### Supplied data
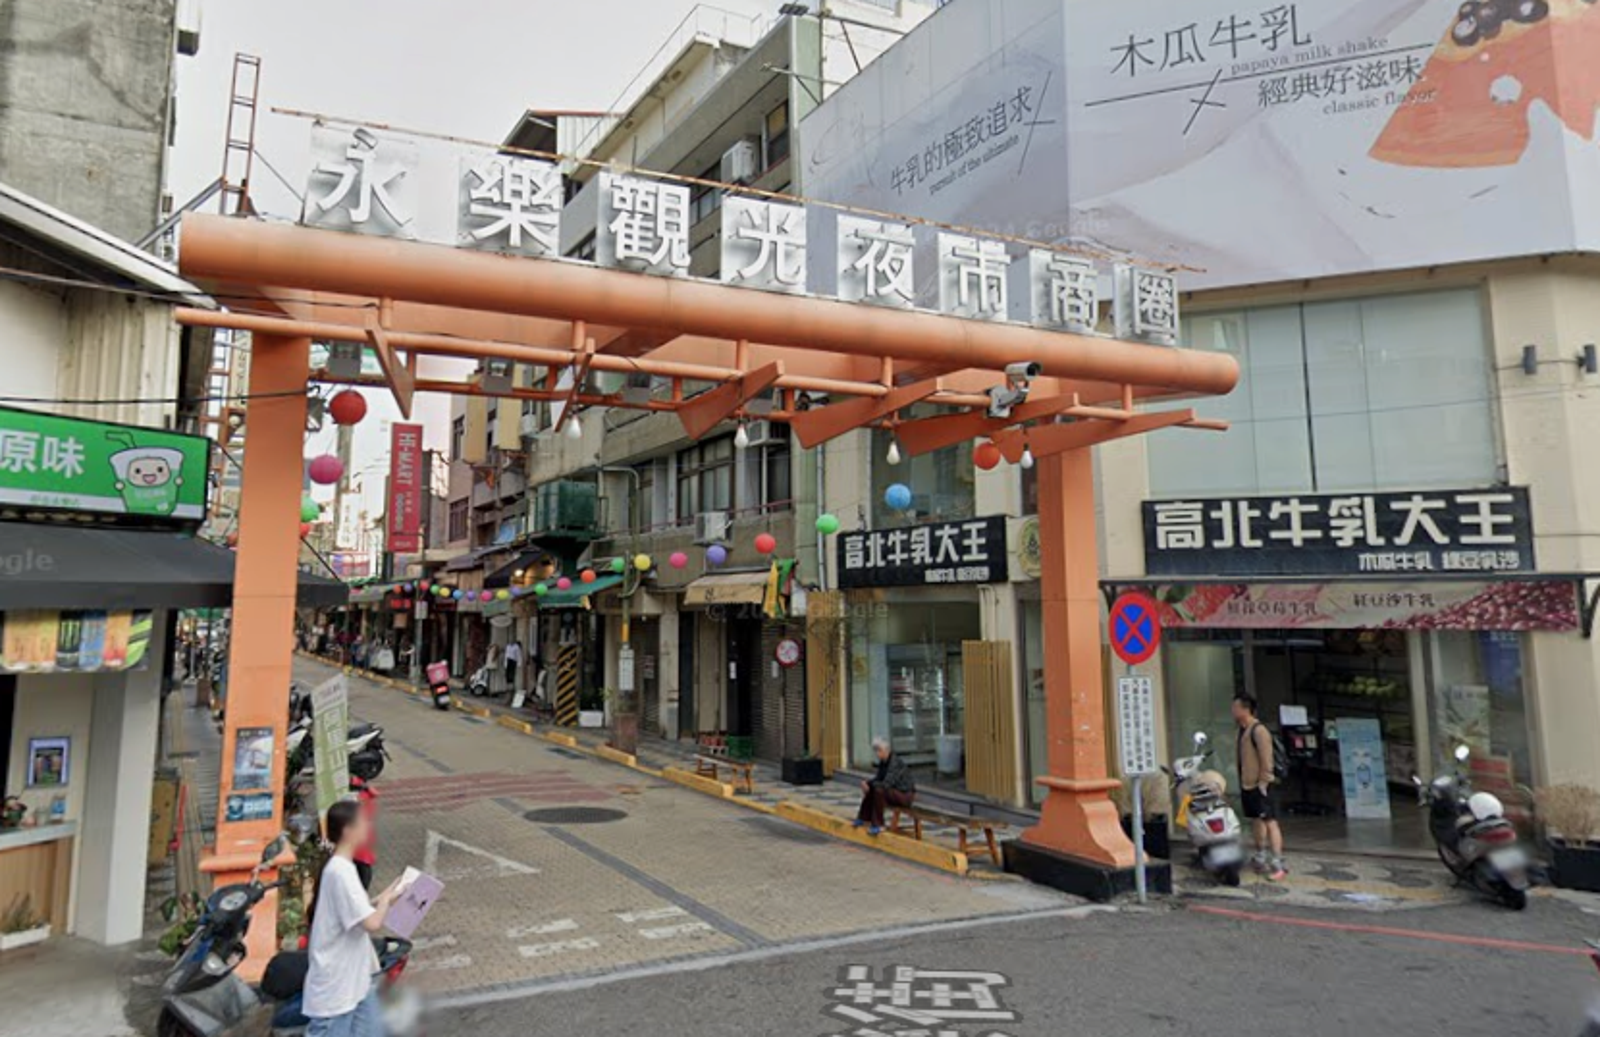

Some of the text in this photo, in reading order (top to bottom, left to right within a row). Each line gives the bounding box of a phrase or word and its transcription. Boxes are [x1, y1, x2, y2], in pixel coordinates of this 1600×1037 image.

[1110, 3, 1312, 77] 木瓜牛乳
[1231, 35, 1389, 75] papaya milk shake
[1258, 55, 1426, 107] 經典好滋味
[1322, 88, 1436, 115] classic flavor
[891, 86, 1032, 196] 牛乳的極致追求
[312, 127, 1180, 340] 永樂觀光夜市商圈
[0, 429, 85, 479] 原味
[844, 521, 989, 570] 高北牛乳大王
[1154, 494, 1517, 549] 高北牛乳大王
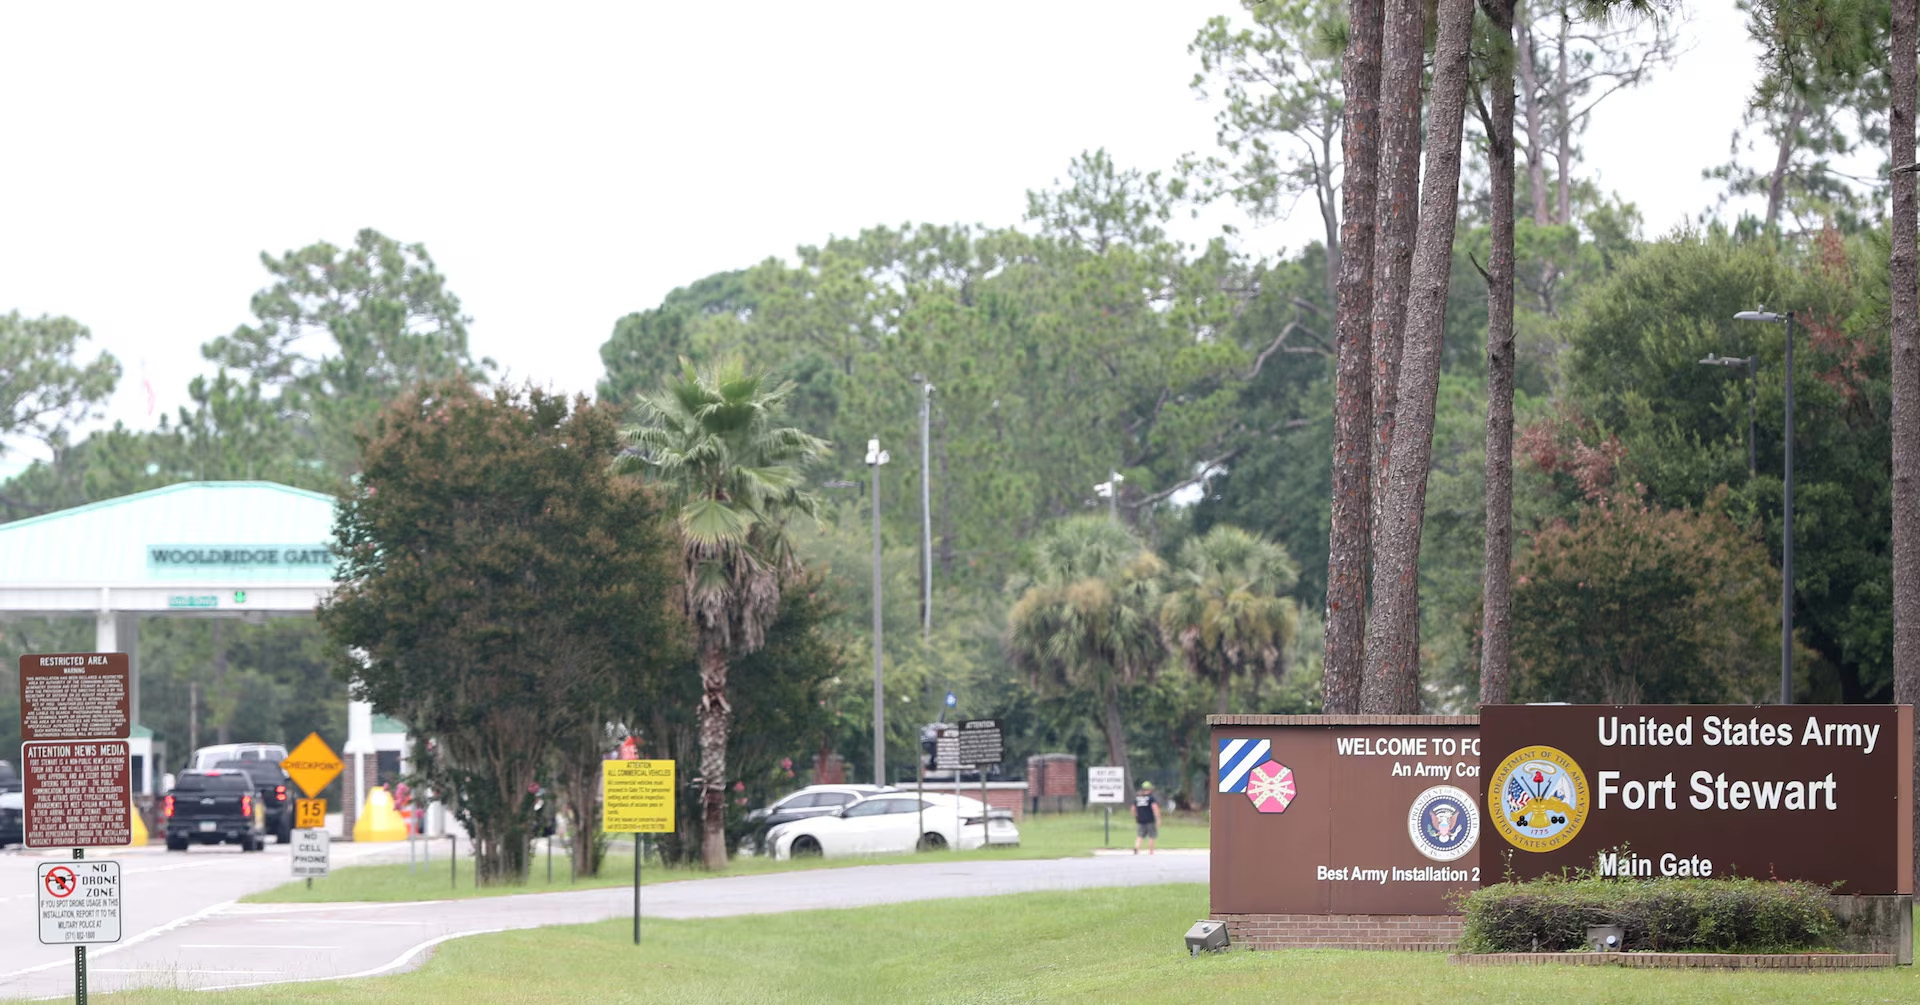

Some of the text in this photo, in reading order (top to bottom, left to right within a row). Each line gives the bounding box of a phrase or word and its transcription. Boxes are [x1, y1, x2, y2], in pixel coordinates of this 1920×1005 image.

--

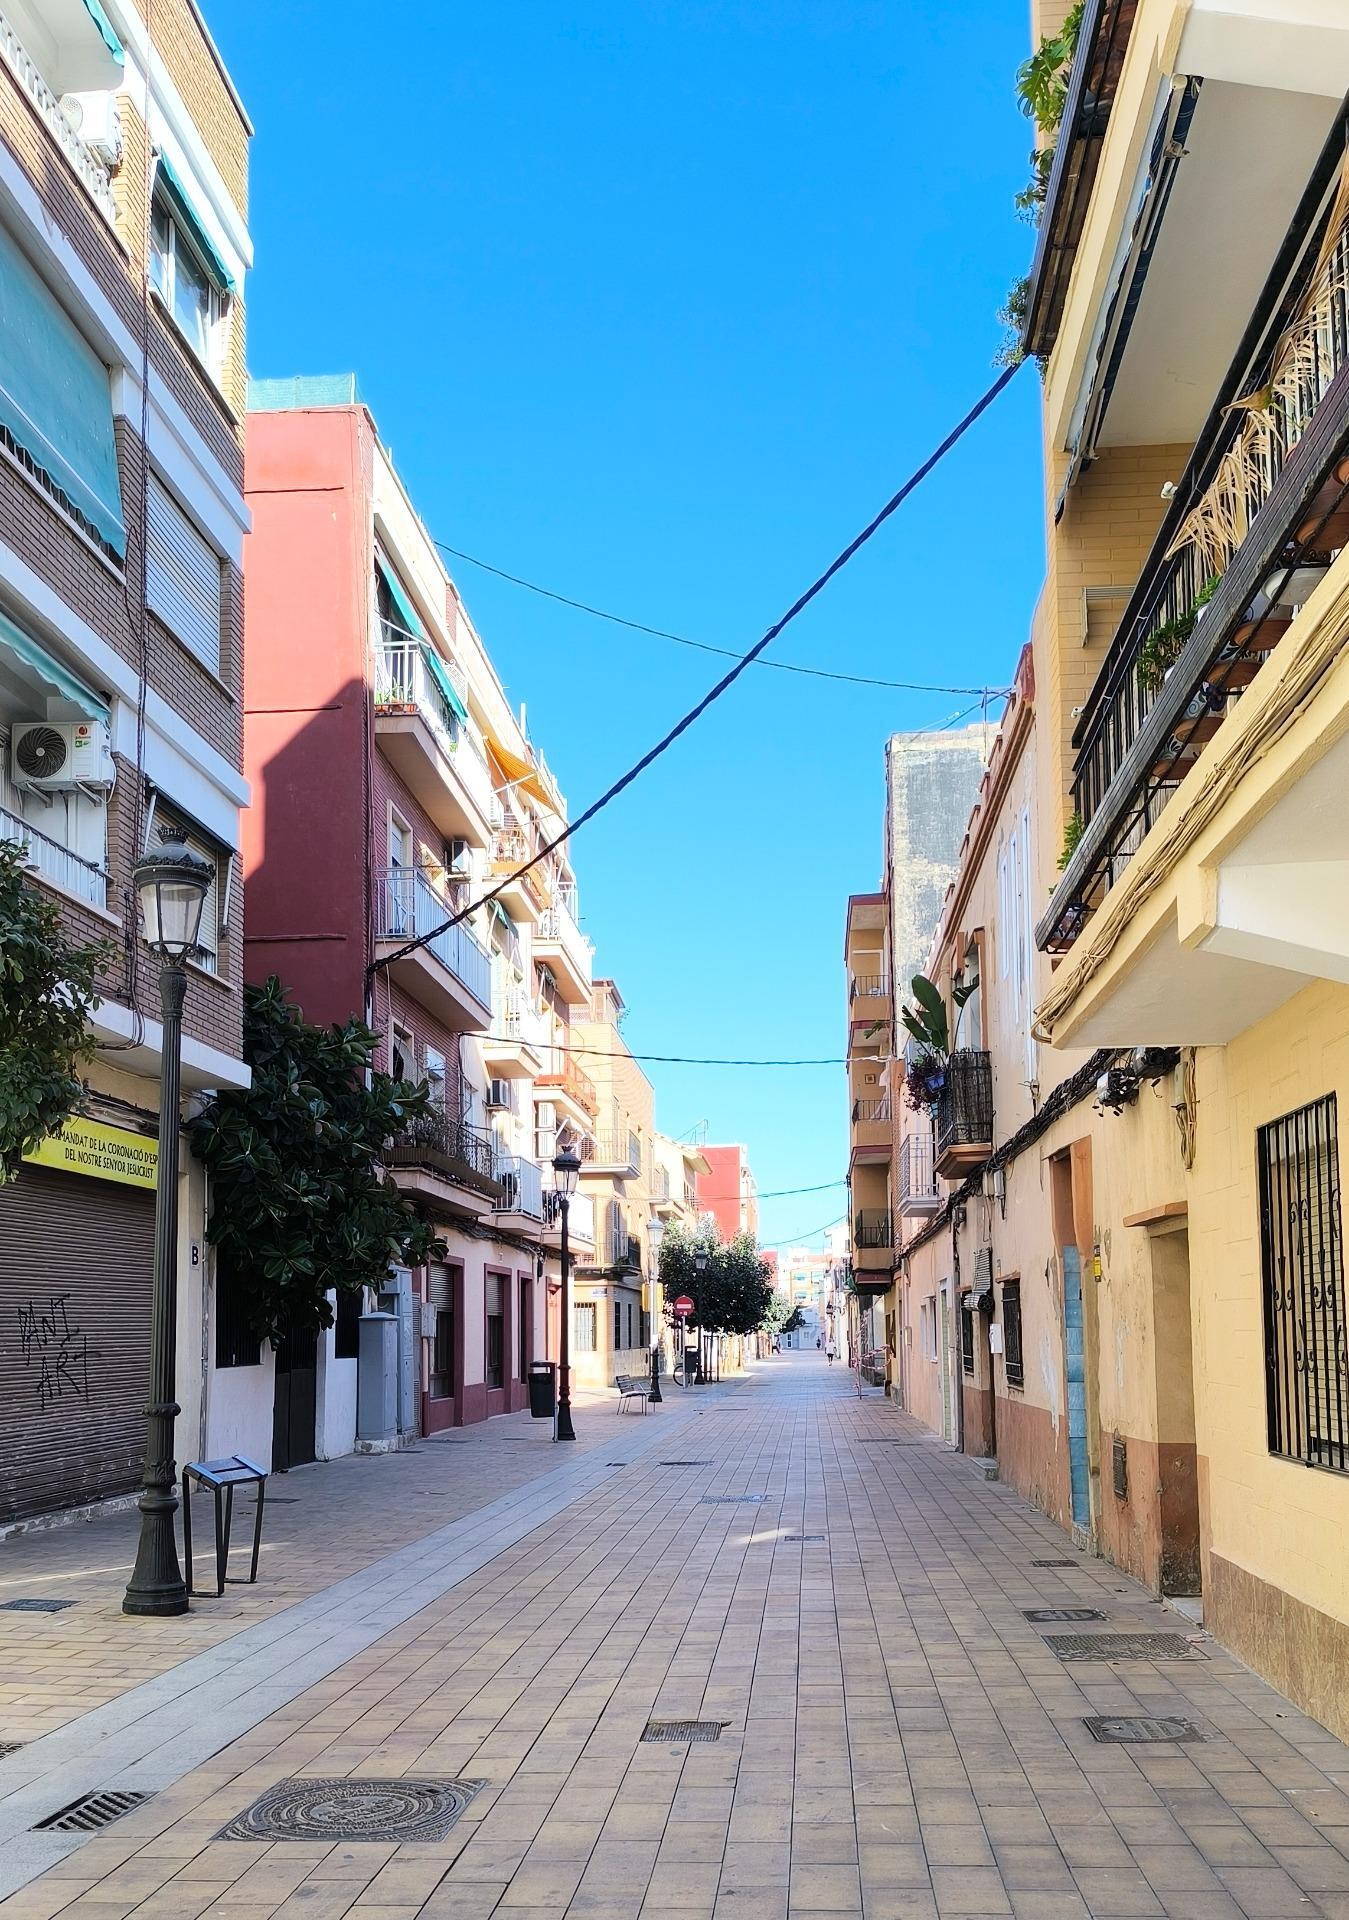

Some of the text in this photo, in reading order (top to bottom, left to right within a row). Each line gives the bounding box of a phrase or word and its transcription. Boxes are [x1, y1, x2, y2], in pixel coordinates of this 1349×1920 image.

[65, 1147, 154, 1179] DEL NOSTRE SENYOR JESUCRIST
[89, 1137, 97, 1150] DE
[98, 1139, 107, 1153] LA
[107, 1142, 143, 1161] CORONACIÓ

### Work to be completed
An exact transcription is needed of the lines from the one with "this 1600×1037 image." to the one with "this 1920×1005 image." above, both ends included, with pictures left out.

### Expected output
Some of the text in this photo, in reading order (top to bottom, left to right within a row). Each line gives the bounding box of a phrase or word and its transcription. Boxes are [x1, y1, x2, y2], in pixel coordinates of this 1600×1037 image.

[1110, 3, 1312, 77] 木瓜牛乳
[1231, 35, 1389, 75] papaya milk shake
[1258, 55, 1426, 107] 經典好滋味
[1322, 88, 1436, 115] classic flavor
[891, 86, 1032, 196] 牛乳的極致追求
[312, 127, 1180, 340] 永樂觀光夜市商圈
[0, 429, 85, 479] 原味
[844, 521, 989, 570] 高北牛乳大王
[1154, 494, 1517, 549] 高北牛乳大王

Some of the text in this photo, in reading order (top to bottom, left to right within a row). Each line gives the bounding box of a phrase or word and its transcription. Boxes are [x1, y1, x2, y2], in pixel coordinates of this 1920×1005 image.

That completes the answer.